* **Instructions to follow**
Exclude all pictures, then restate the entries below word for word.

* **Excerpted data**

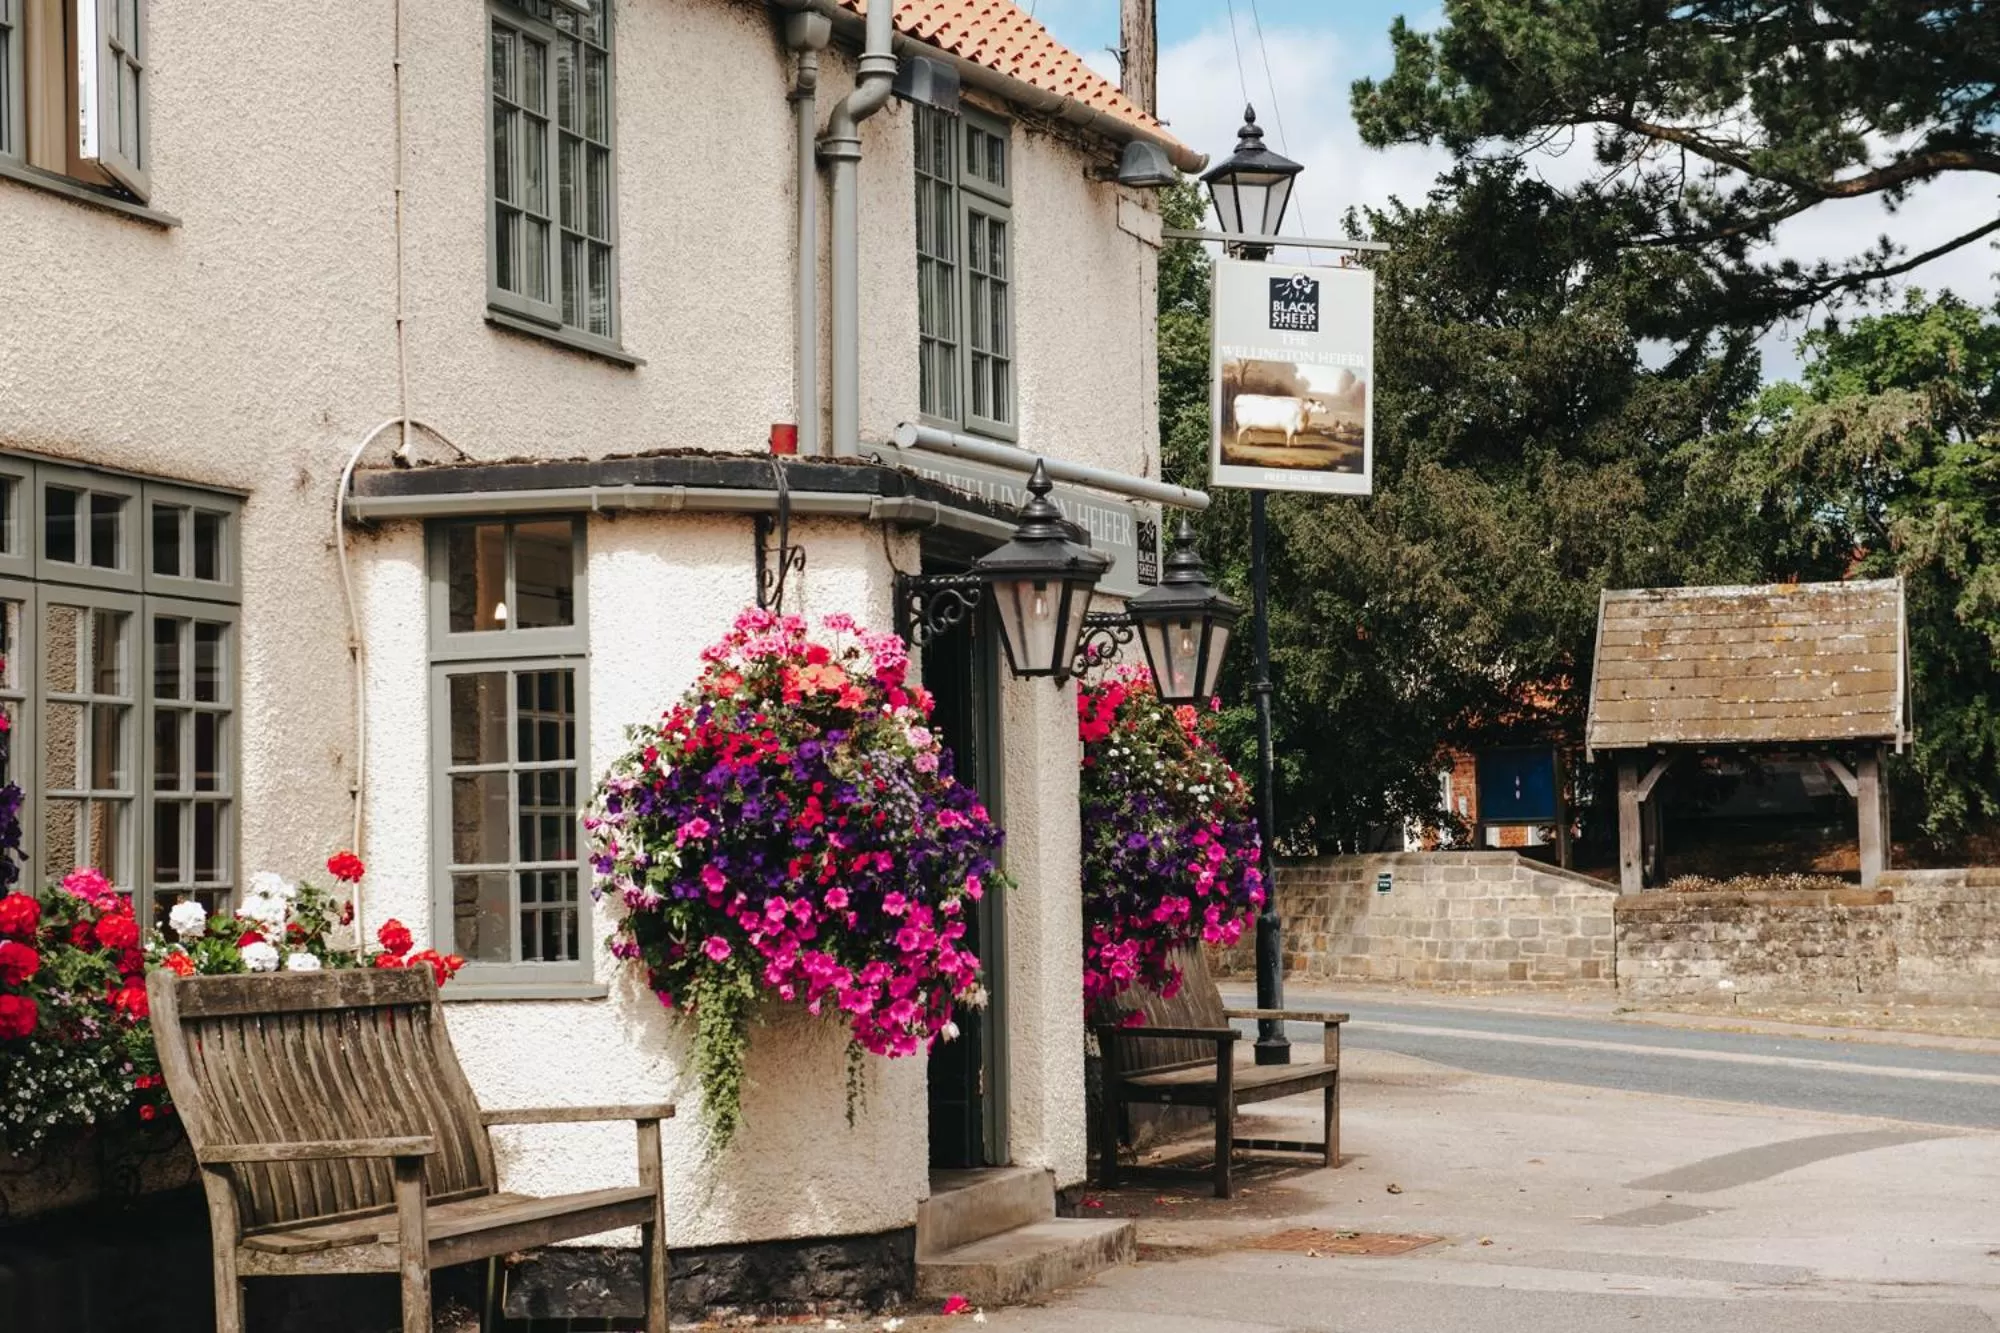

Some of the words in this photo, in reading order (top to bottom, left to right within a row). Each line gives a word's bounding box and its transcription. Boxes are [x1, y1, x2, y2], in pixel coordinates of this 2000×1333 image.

[1272, 300, 1317, 314] BLACK
[1271, 311, 1317, 325] SHEEP
[1279, 332, 1309, 345] THE
[1222, 345, 1314, 363] WELLINGTON
[1317, 351, 1366, 368] HEIFER
[945, 472, 1073, 520] WELLINN
[1077, 503, 1132, 547] HEIFER

* **Written solution**
Some of the words in this photo, in reading order (top to bottom, left to right within a row). Each line gives a word's bounding box and its transcription. Boxes are [x1, y1, x2, y2], in pixel coordinates of this 2000×1333 image.

[1272, 300, 1317, 314] BLACK
[1271, 311, 1317, 325] SHEEP
[1279, 332, 1309, 345] THE
[1222, 345, 1314, 363] WELLINGTON
[1317, 351, 1366, 368] HEIFER
[945, 472, 1073, 520] WELLINN
[1077, 503, 1132, 547] HEIFER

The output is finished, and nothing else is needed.